Items listed in a dataset -
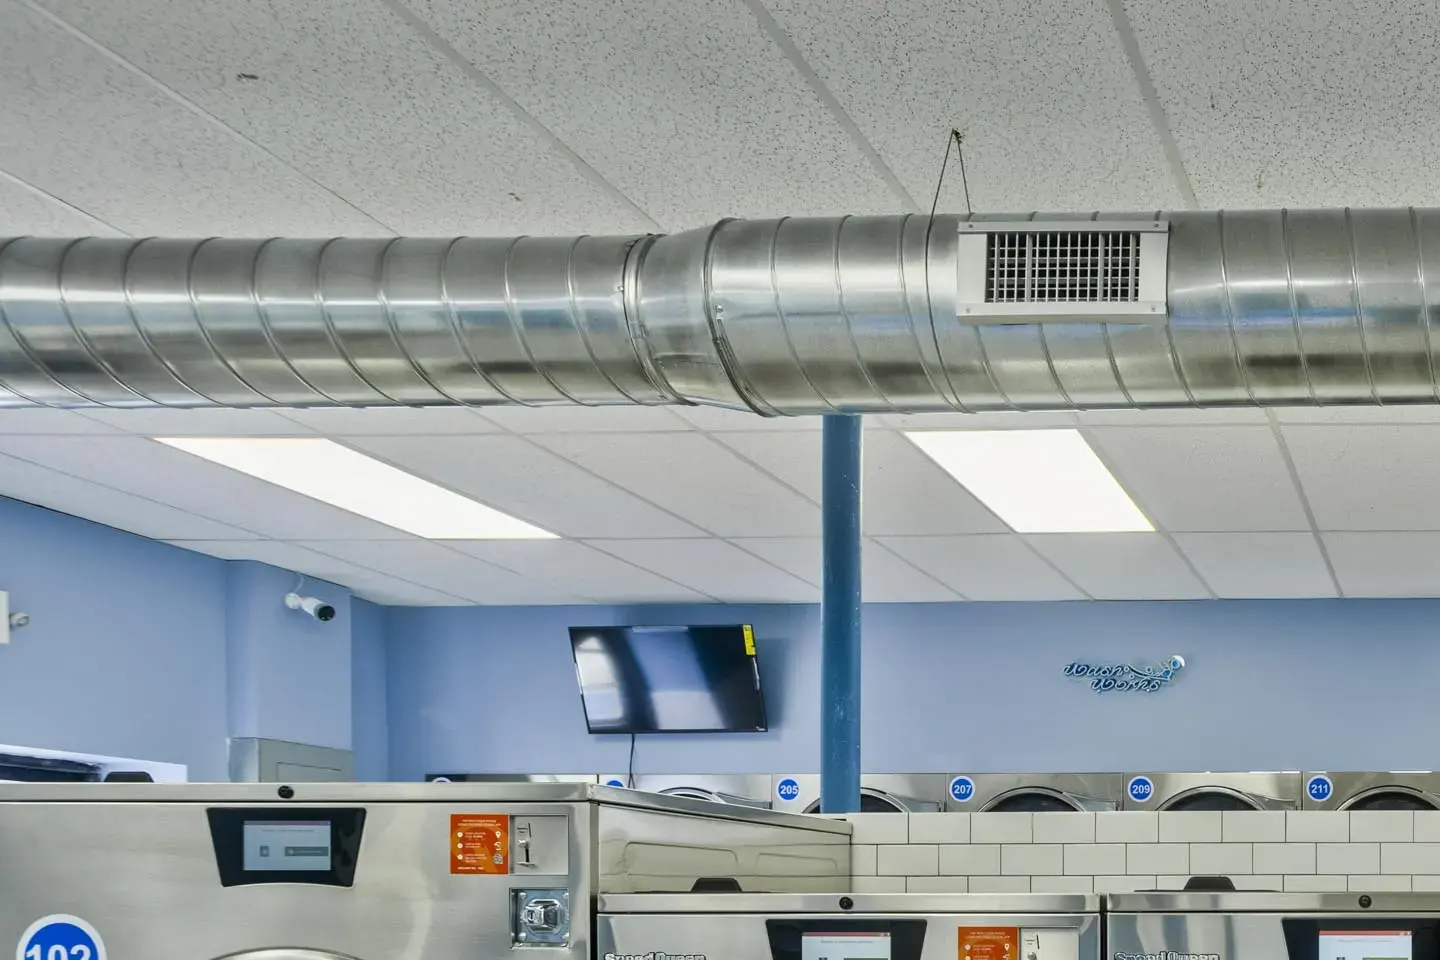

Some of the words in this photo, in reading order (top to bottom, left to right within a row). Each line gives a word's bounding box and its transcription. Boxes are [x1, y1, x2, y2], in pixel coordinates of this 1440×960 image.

[1063, 663, 1125, 677] Wash
[1090, 678, 1161, 692] Works
[780, 785, 799, 795] 205
[953, 784, 972, 794] 207
[1131, 784, 1151, 794] 209
[1311, 784, 1329, 794] 211
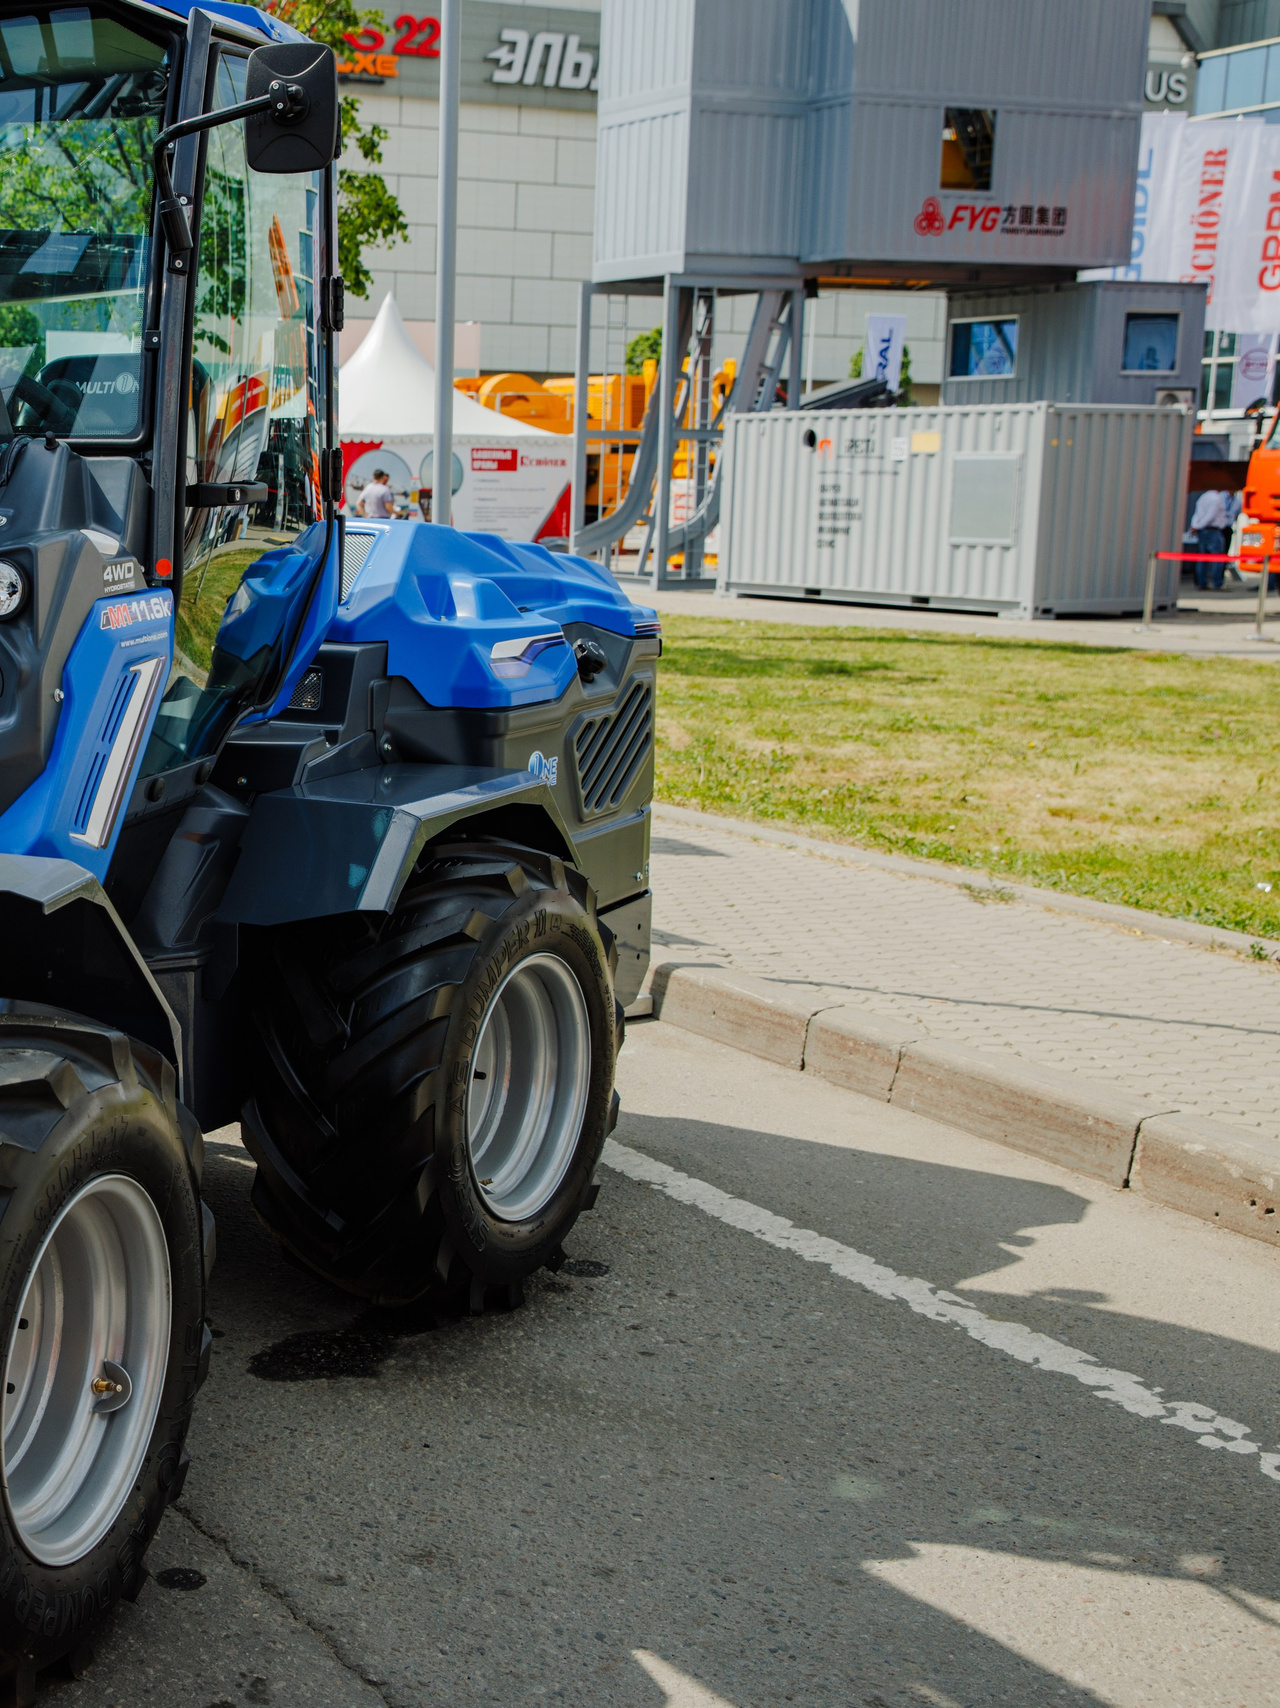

Work to be completed - Exact copies of the entries above are needed, without their pictures.

Task output -
Some of the words in this photo, in reading order (top to bottom, left to right within a row). Each line gives a word's bounding box and its transcription. Boxes are [x1, y1, x2, y2], in pixel coordinates of this 1440×960 image.

[1063, 663, 1125, 677] Wash
[1090, 678, 1161, 692] Works
[780, 785, 799, 795] 205
[953, 784, 972, 794] 207
[1131, 784, 1151, 794] 209
[1311, 784, 1329, 794] 211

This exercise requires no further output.